Figure 3. Cell and tissue dynamics in hir mutants

a, Schematic: hir neural tube collapse is associated with long chain-like arrangements of neuroepithelial cells generated by increased cell slippage and randomized oriented cell division (Extended Data Fig. 4, 5). b, Whole-mount FN immunohistochemistry (IHC) of st.22 embryos, dorsal view, anterior to the top. 1-1”, Cont (control), WT embryos injected with out-of-frame 70kD N-terminal medaka FN1a+1b mRNA (250 pg) (n=20); 2-2”, uninjected hir mutants (n=11); 3-3”, WT embryos injected with N-terminal 70kDa FN1a+1b mRNA (250 pg) (n=39). 1-3, left anterior head of live embryos (asterisks, lens; triangle, forebrain ventricle); 1’-3’, left eye of FN IHC (green), boxed area magnified in 1”-3”; 4, 5, surface view of FN stained neural tube, WT (n=15) and hir (n=14) corresponding to the region in 1 and 2, respectively, boxed area magnified in 4’ and 5’. Arrowheads: FN fibrils/puncta, arrows: FN large deposits. Scale bars, 40 μm in b1, 1’, 4; 5 μm in b1’’, 4’.
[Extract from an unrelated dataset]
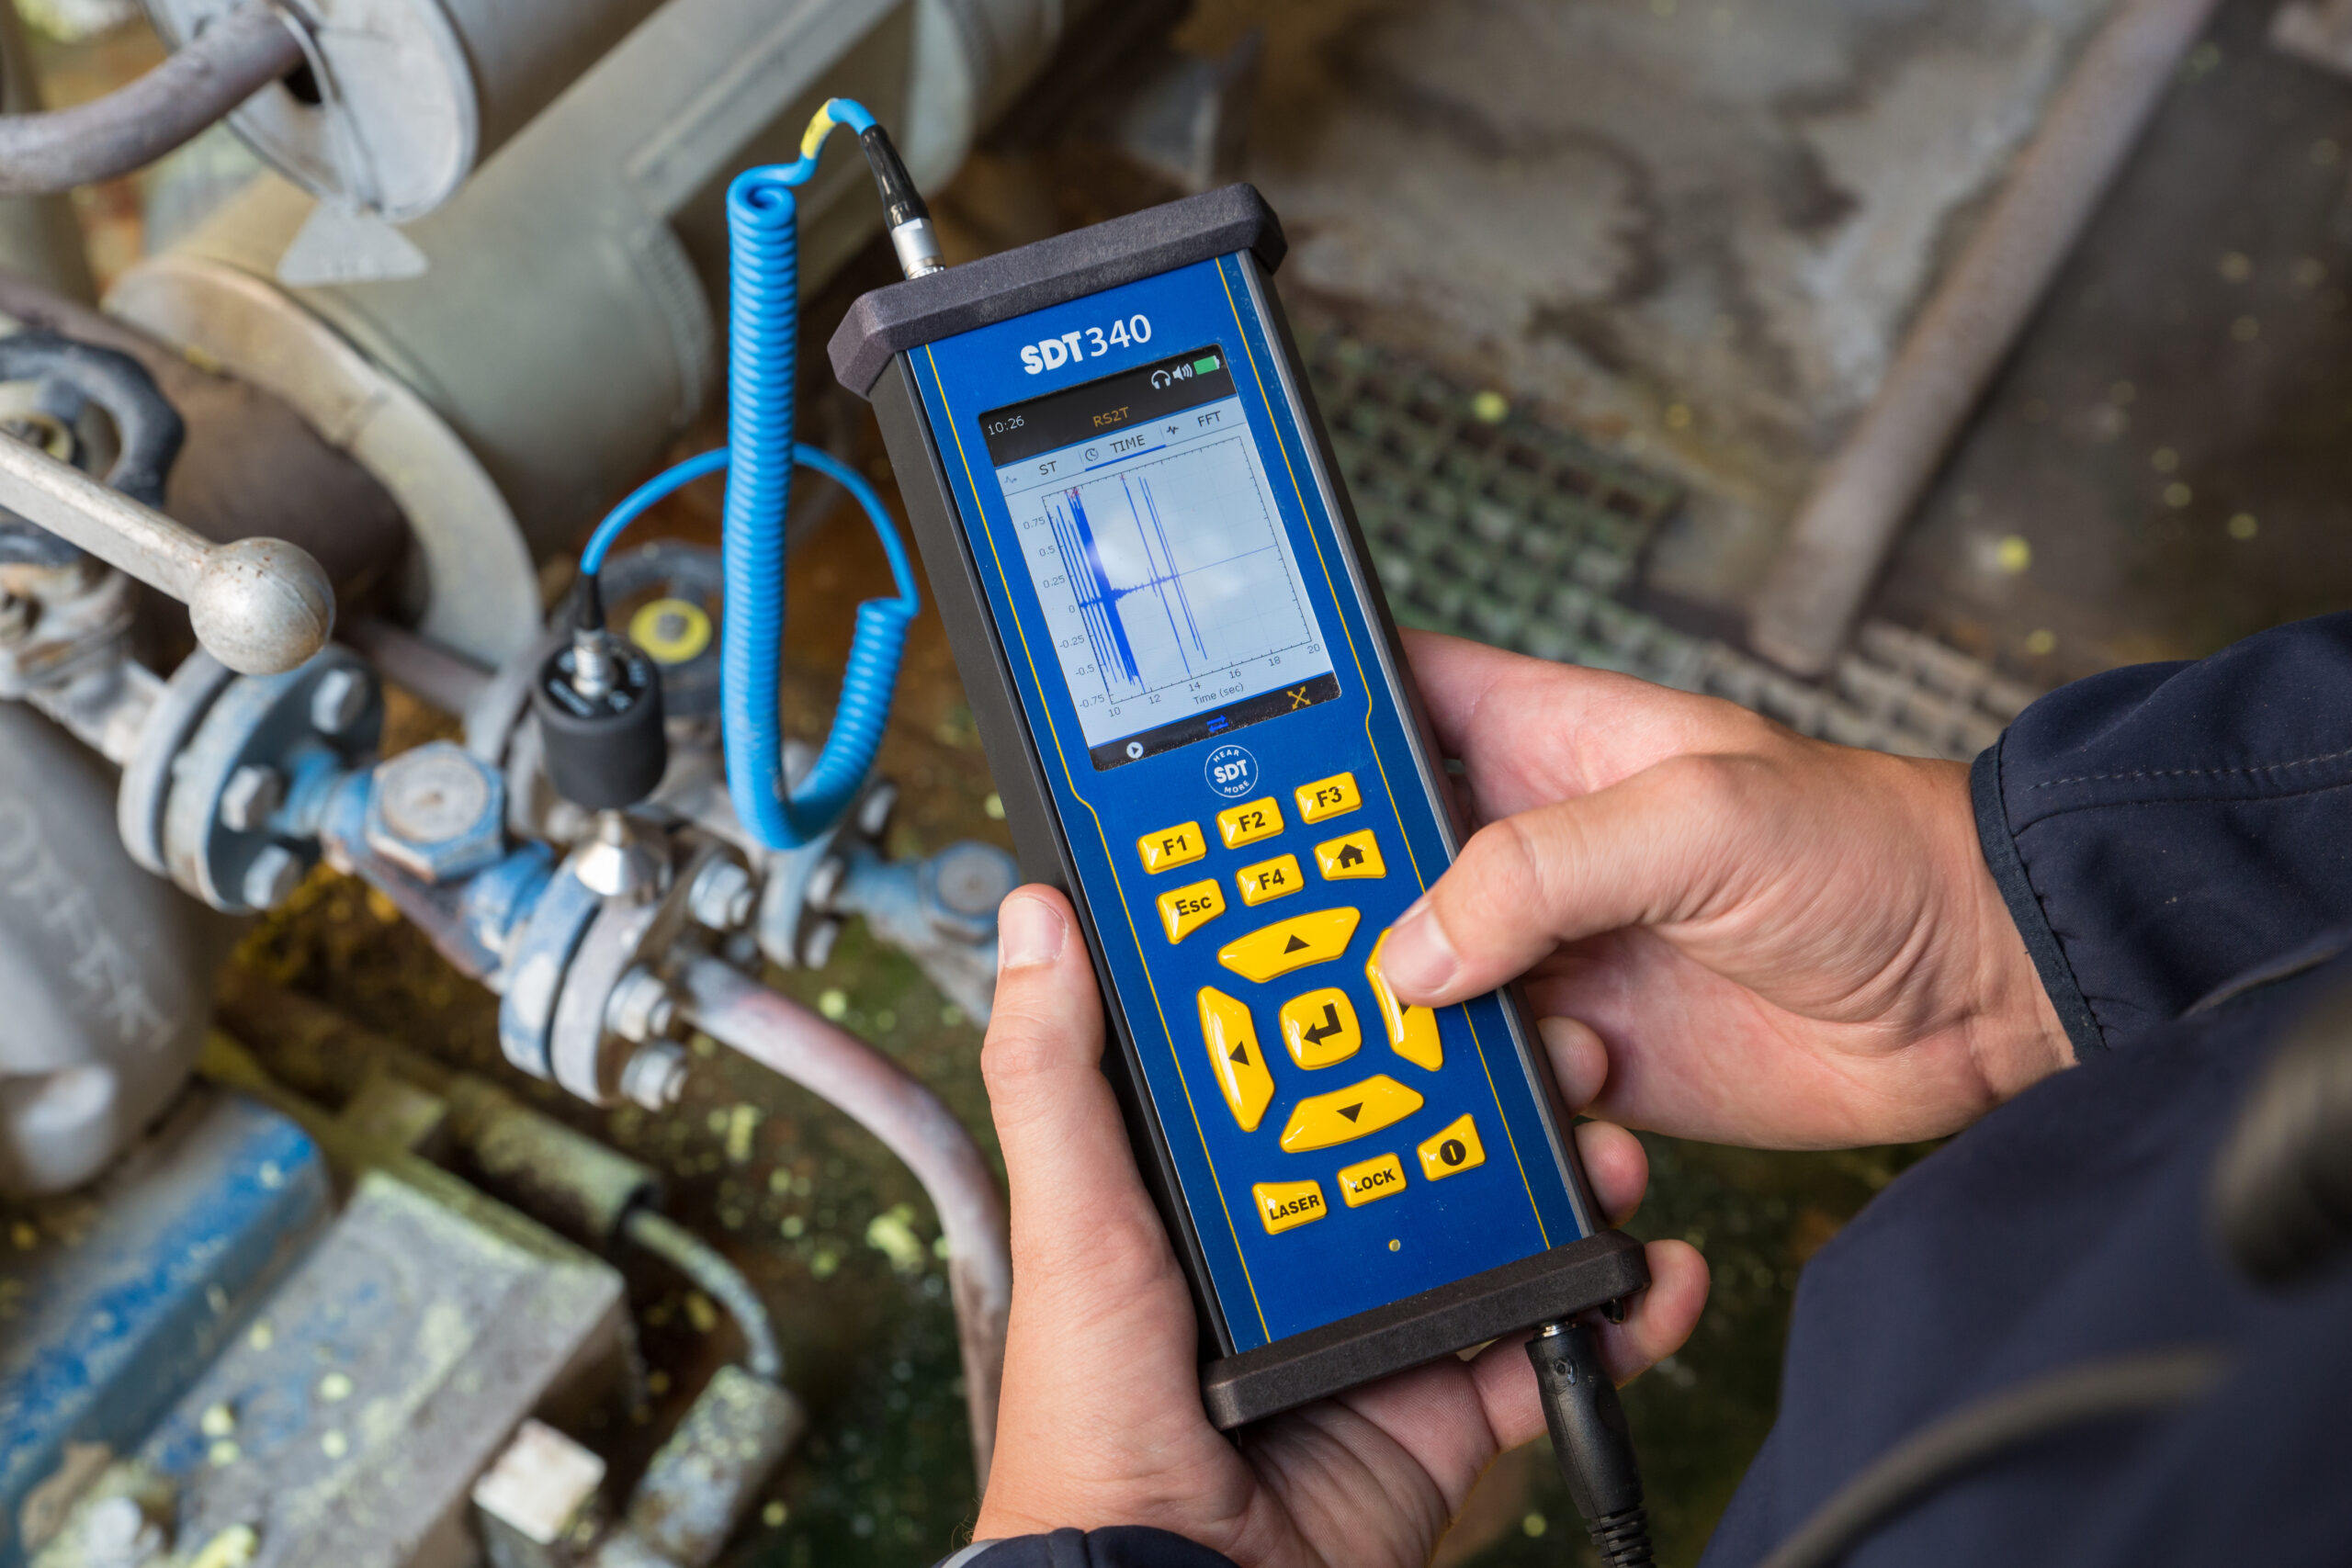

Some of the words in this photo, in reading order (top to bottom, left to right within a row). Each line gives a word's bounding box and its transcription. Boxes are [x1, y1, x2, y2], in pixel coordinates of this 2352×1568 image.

Figure 4. YAP regulation of tissue tension and FN assembly is mediated by ARHGAP18

a, b, Confocal 3D sectioning of longest and shortest axes of YAP and control (cont) KD RPE1 spheroids (n=5, 7) after centrifugation. b, Ratio of longest (L)/shortest (S) axes. Error bars: ± S.E.M. **P < 0.05, t-test (Figure 4 source data). c, Immunoblotting of YAP and ARHGAP18 KD spheroids for the indicated proteins (Supplementary Figure 1). d, e Whole-mount imaging of basal surfaces of spheroids transfected with control siRNA (n=17), YAP siRNA (n=13), and ARHGAP18 siRNA (n=15), stained for F-actin (red) and FN (green). 2-4 magnified view of boxed areas in 1. Arrowheads: cortical regions; arrows: ectopic F-actin aggregates and aberrant FN fibrils. f, Schematic; fine extracellular FN fibrils form in close proximity to cortical F-actin in normal cells, while in YAP and ARHGAP18 KD cells, FN fibrils are reduced and aberrant FN deposits coincide with ectopic F-actin aggregates. g, Schematic summarizing how YAP/ARHGAP18-dependent actomyosin network contraction controls tissue shape and alignment. Scale bars, 40 μm in a; 30 μm in d1, e1; 15 μm in d2, e2.